だからこそ今度は確実に始末しなければならない。そのためには百舌鳥個人ではなく転生管理局という組織によってあの五人目を始末する。そのためには燕をはじめとする局員に自発的な協力を仰がなければならないが、万が一知りすぎた局員は消えてもらうだけだ。

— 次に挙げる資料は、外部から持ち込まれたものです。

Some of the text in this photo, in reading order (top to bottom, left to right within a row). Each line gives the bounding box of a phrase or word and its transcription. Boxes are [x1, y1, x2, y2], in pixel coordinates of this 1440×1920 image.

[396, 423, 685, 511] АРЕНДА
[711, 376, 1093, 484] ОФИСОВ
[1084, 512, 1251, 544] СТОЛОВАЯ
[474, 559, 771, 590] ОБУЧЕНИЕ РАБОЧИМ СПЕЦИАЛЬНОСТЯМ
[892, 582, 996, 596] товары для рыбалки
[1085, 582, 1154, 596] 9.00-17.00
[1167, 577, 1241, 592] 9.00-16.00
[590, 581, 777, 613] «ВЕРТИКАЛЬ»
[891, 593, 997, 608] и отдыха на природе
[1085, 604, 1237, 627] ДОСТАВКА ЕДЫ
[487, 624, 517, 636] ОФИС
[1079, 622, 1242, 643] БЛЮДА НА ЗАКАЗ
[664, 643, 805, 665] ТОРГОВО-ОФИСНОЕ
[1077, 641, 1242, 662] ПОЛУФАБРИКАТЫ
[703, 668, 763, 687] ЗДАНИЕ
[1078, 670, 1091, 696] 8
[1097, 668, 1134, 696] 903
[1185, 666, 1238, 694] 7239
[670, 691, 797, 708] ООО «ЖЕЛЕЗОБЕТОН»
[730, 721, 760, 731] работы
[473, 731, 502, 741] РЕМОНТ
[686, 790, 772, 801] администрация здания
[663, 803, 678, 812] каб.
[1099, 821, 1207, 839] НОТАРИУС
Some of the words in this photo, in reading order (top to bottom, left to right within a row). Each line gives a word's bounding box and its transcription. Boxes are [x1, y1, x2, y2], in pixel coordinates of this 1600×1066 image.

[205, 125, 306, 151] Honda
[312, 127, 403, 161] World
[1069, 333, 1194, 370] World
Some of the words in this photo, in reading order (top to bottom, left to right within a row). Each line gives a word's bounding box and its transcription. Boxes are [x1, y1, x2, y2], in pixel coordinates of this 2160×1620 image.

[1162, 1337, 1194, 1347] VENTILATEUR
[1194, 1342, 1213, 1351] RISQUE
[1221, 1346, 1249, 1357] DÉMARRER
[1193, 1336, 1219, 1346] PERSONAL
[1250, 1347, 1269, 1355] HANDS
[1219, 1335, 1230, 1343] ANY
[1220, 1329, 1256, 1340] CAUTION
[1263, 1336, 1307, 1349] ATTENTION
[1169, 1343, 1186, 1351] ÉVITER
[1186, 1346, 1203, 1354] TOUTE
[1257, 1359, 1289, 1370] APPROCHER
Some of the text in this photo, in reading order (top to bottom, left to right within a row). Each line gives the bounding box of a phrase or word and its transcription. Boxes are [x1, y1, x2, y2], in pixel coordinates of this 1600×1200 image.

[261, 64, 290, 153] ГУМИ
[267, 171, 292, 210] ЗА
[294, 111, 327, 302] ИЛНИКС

「ま、何をしても翡翠君のせいだけどね! 覚悟しろよゴミ蟻。すぐに消してやるからな」
管理局の局員が直接生物を殺害することは許されない。これは絶対の法則であるがゆえに、百舌鳥は間接的な手段をとらざるを得ない。例えば誰かに目標を殺させるか、環境を操作して特定の個人を狙わないようにする、などである。つまりどうしようとも複数人を巻き込むことになり、対象が強大であるほど被害も大きくなる。
一心不乱に策を練る百舌鳥は罪悪感など、感じてはいなかった。
この章のテーマは「性」と「愛」になります。
と言ってもいきなりラブコメになったりはしません。